This downright unbelievable Maltesers microwave fudge recipe is literally the best thing ever in the history of the Universe! Ever heard of making microwave fudge with condensed milk? Well now you have!

Easy Maltesers Microwave Fudge Recipe | Kitchen Mason (1)

It’s the crazy easy ‘cheat’ way of making fudge. No thermometer required, no slaving away over a hot stove for hours, just a microwave, a bowl and a bit of mixing. Honestly, that’s it!

Yielding the most beautiful, creamy and luxurious fudge, I guarantee you won’t look back after trying this. Carry on reading for my super easy to follow step by step picture recipe and top tips for getting it perfect every time!

When I say this glorious Maltesers microwave fudge will blow your mind I’m really not joking. Think it took forever and a day to make? Relentless stirring for hours and hours? Think again. I kid you not, it literally takes just 5 minutes to make. I know, it’s really hard to believe but stay with me… Melt it, mix it, done. Say that again? Melt it, mix it, done. Seriously, that’s it!

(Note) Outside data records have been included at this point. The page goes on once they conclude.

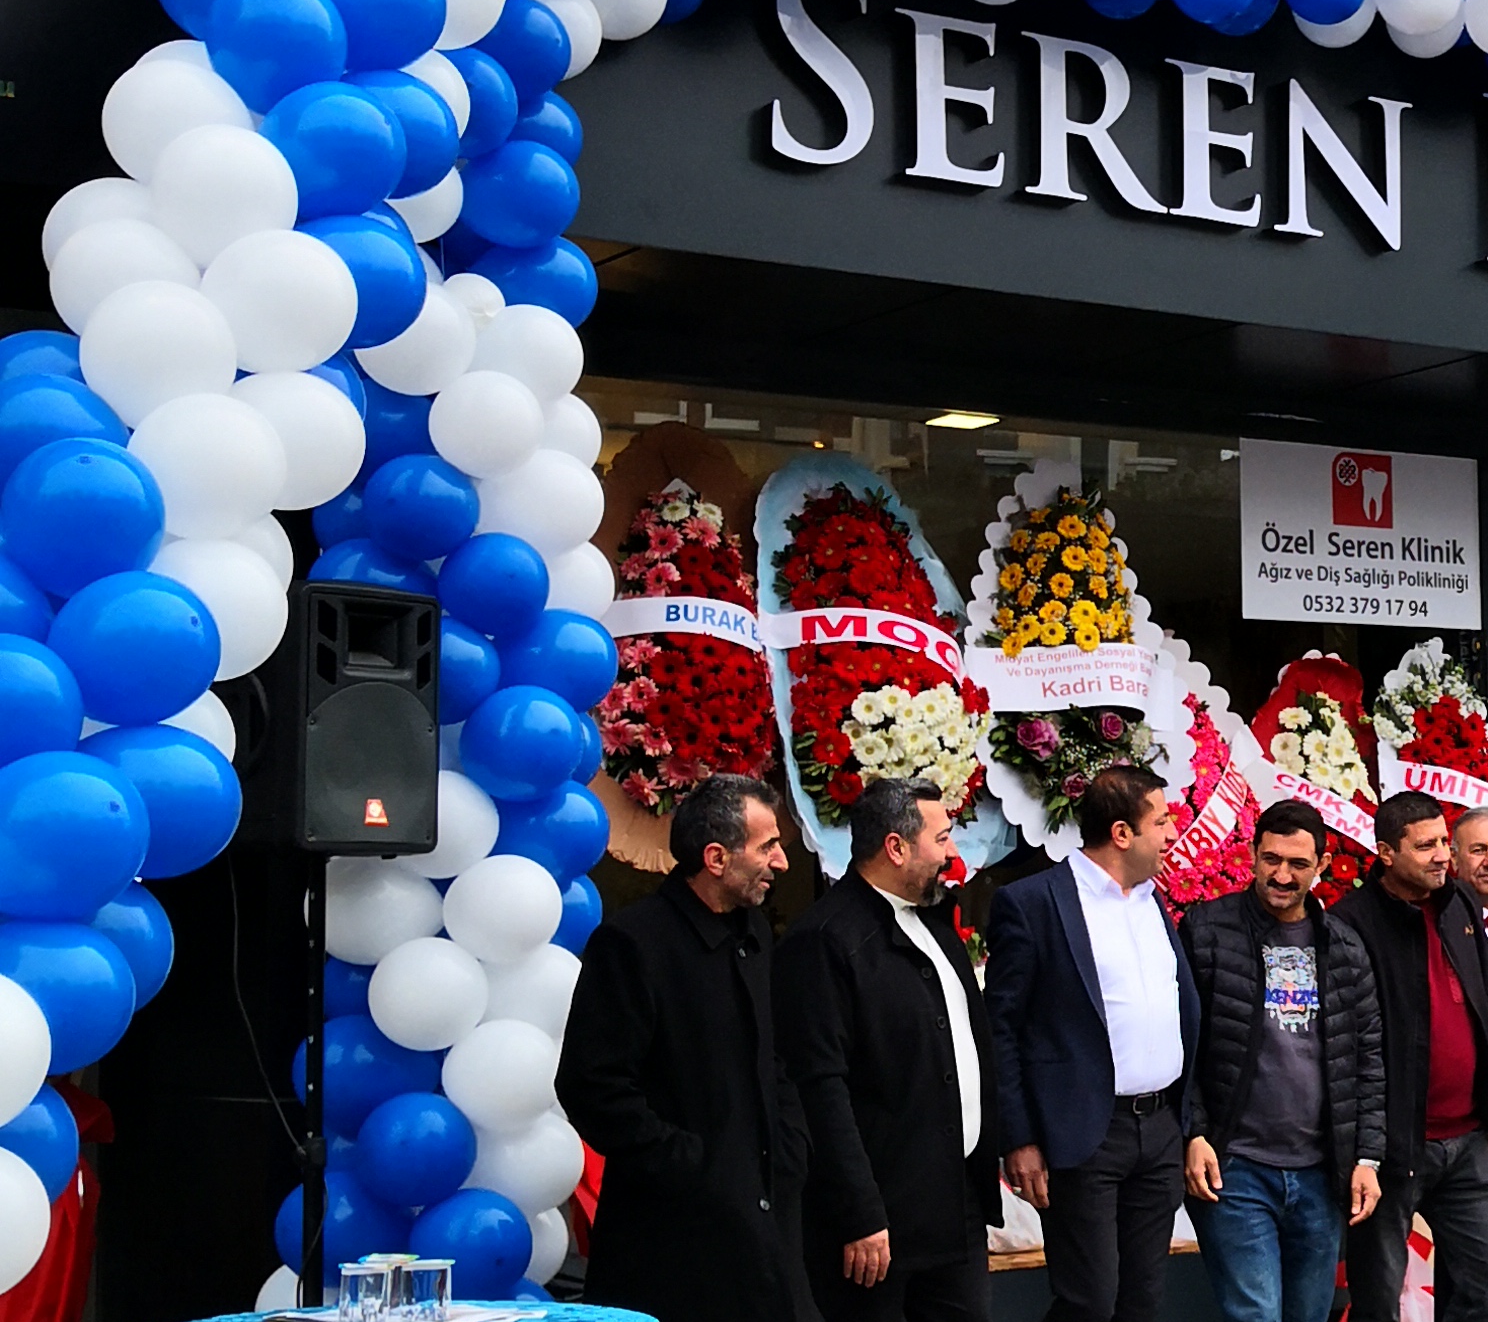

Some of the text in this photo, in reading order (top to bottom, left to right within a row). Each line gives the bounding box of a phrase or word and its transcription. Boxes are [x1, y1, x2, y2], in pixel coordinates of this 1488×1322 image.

[1261, 522, 1466, 565] Özel Seren Klinik
[1258, 562, 1469, 593] Ağız ve Diş Sağlığı Polikliniği
[665, 603, 746, 635] BURAK
[1303, 595, 1428, 617] 0532 379 17 94
[1006, 667, 1021, 677] Ve
[1041, 675, 1101, 698] Kadri
[1217, 760, 1247, 813] KIDS
[1276, 773, 1348, 815] CMK
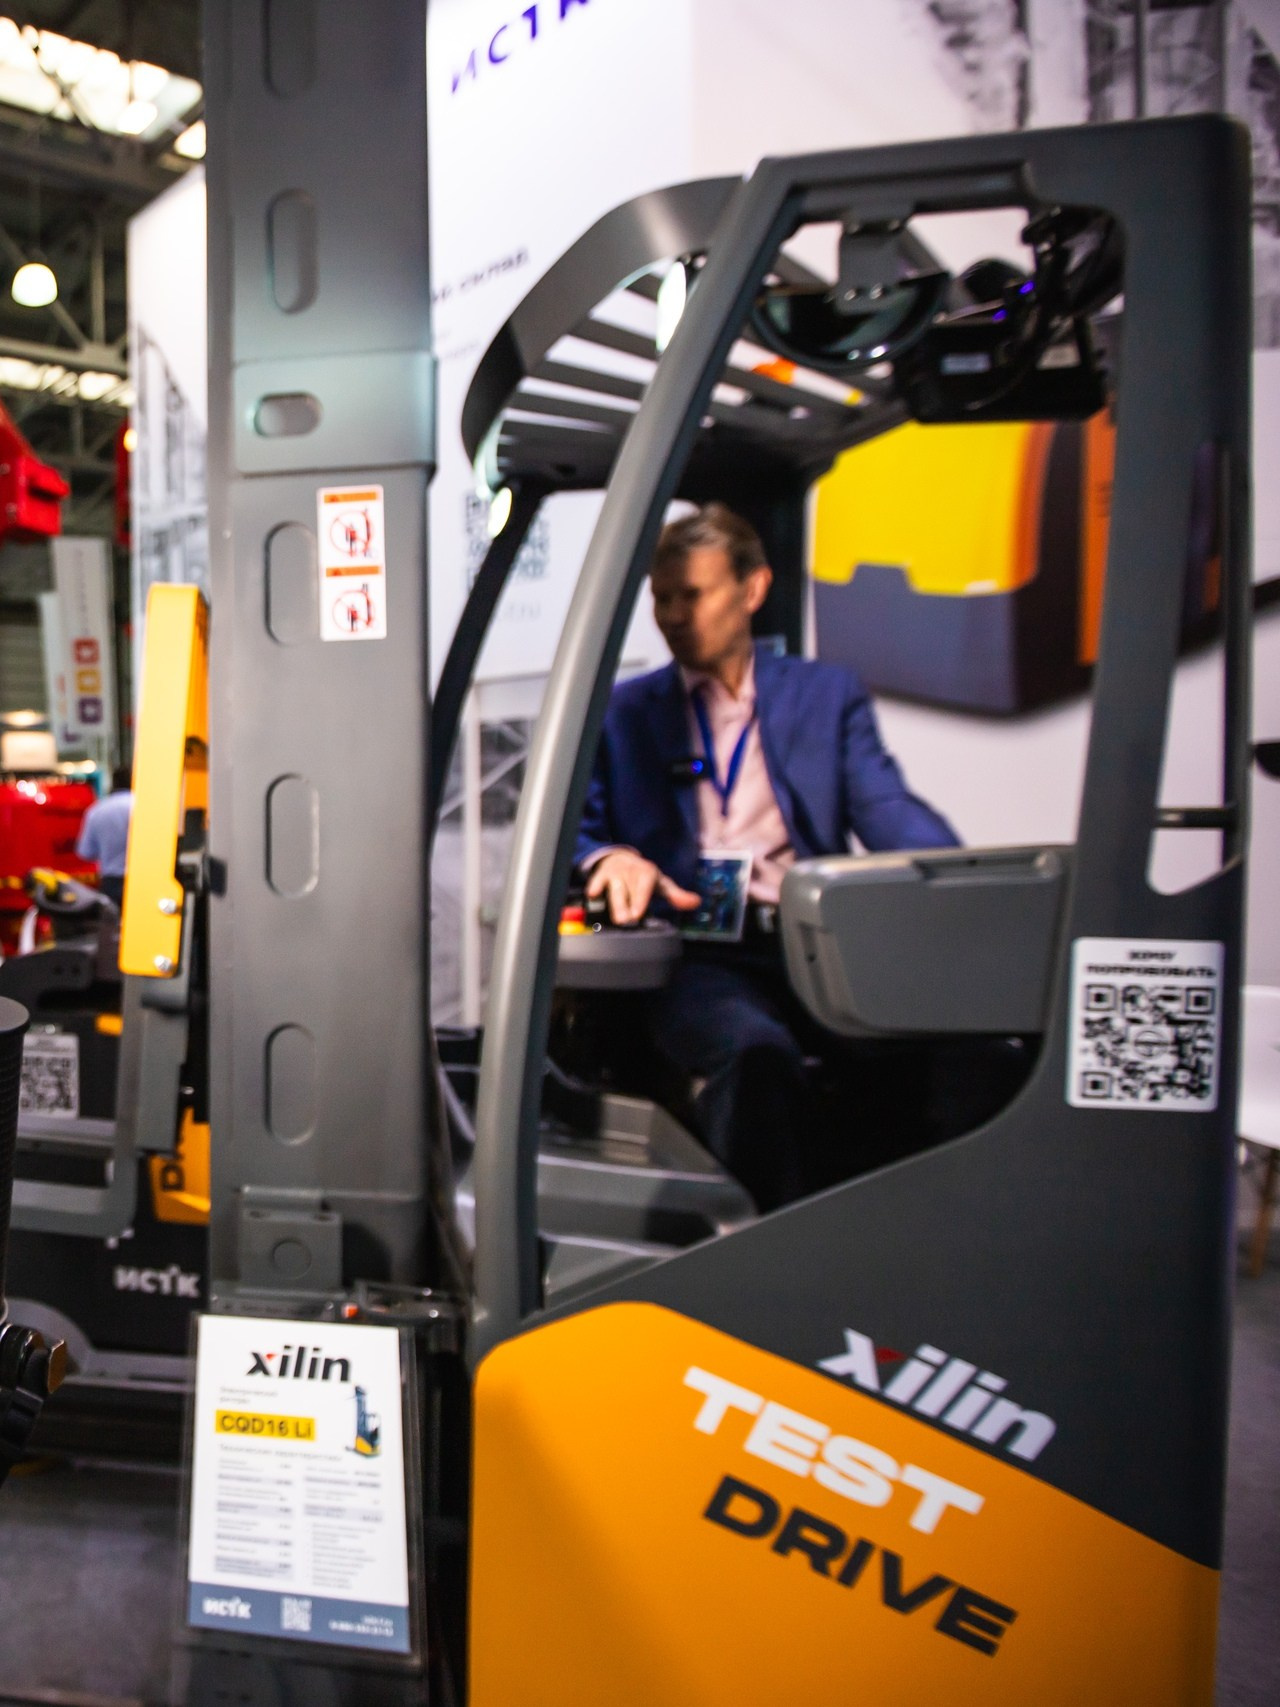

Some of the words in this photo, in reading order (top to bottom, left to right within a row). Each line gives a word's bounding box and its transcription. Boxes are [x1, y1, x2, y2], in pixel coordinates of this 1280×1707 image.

It’s ok though – it’ll be our dirty little secret. I promise I won’t tell anyone that it only took you 5 minutes to make this luxuriously decadent treat then the fridge did all the hard work for you. And no one needs to know that you put your feet up within 10 minutes of starting this gorgeous microwave fudge recipe… I promise, my lips are sealed!

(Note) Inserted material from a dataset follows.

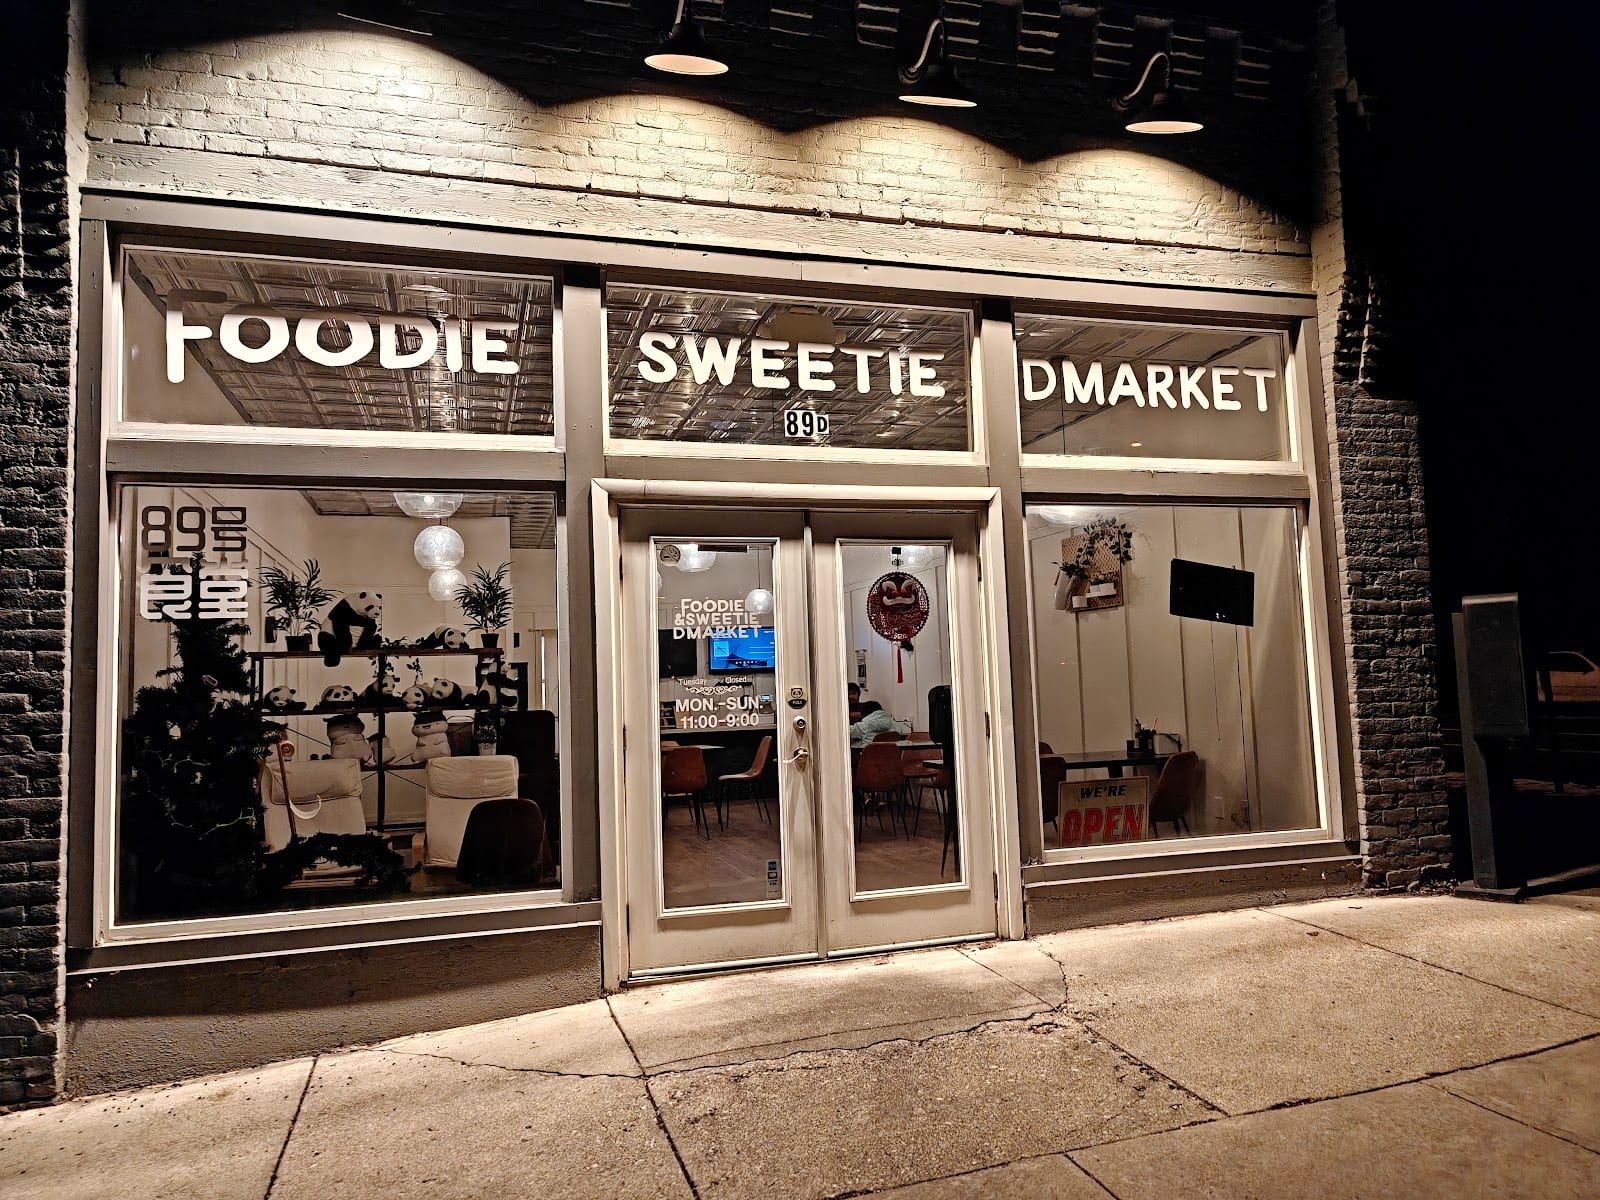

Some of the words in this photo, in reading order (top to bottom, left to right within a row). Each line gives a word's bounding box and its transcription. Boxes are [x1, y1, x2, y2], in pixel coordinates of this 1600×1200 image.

If you’re a huge Maltesers fan, you’ll love my mini Maltesers cheesecake recipe for two and easy Maltesers tiffin bars too!

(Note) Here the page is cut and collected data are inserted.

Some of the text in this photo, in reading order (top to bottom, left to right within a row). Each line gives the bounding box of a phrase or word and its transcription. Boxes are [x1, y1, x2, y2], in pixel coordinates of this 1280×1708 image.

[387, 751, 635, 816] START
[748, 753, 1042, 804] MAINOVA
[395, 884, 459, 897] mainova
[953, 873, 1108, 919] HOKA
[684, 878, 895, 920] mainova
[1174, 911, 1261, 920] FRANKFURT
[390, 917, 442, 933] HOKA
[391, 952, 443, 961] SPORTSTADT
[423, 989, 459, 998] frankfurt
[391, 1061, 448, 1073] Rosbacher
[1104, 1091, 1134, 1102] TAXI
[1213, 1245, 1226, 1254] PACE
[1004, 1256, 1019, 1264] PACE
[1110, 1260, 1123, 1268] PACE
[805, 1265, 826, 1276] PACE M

In all seriousness though it really is so simple to make and tastes absolutely beautiful. Everyone will be begging you for the recipe and no one will believe how quick it was to make. It also doubles as a wonderful homemade gift! Looking for a different flavour? Check out my creamy Biscoff Fudgerecipe!

Easy Maltesers Microwave Fudge Recipe | Kitchen Mason (2)

Maltesers Microwave Fudge Tips

  • Keep the heating short and sweet. Chocolate dislikes being overheated so short bursts in the microwave with lots of stirring between is best to achieve good results.
  • Making this for a homemade gift? Consider making smaller slabs and leaving them uncut. When a Malteser is cut and air gets to the middle, it will go sticky and soft within a few hours. If you make smaller sized slabs and don’t cut them, the recipient can enjoy it, as it was intended, even after a few days.
  • Don’t own a microwave? Fear not! You can still create this wonderful treat by gently heating the chocolate and condensed milk in a saucepan over a low heat until melted. Make sure to stir it continuously though so it doesn’t catch on the bottom.
  • Feeling lazy? Use a silicone pan so you don’t even have to line it!
  • Using a silicone pan? Place it onto a baking tray to make it easier to move to the fridge for setting.
  • Has your fudge somehow still stuck to the bottom of your silicone pan? Oops! Place it in the freezer for 20 minutes then try again. Job’s a gooden.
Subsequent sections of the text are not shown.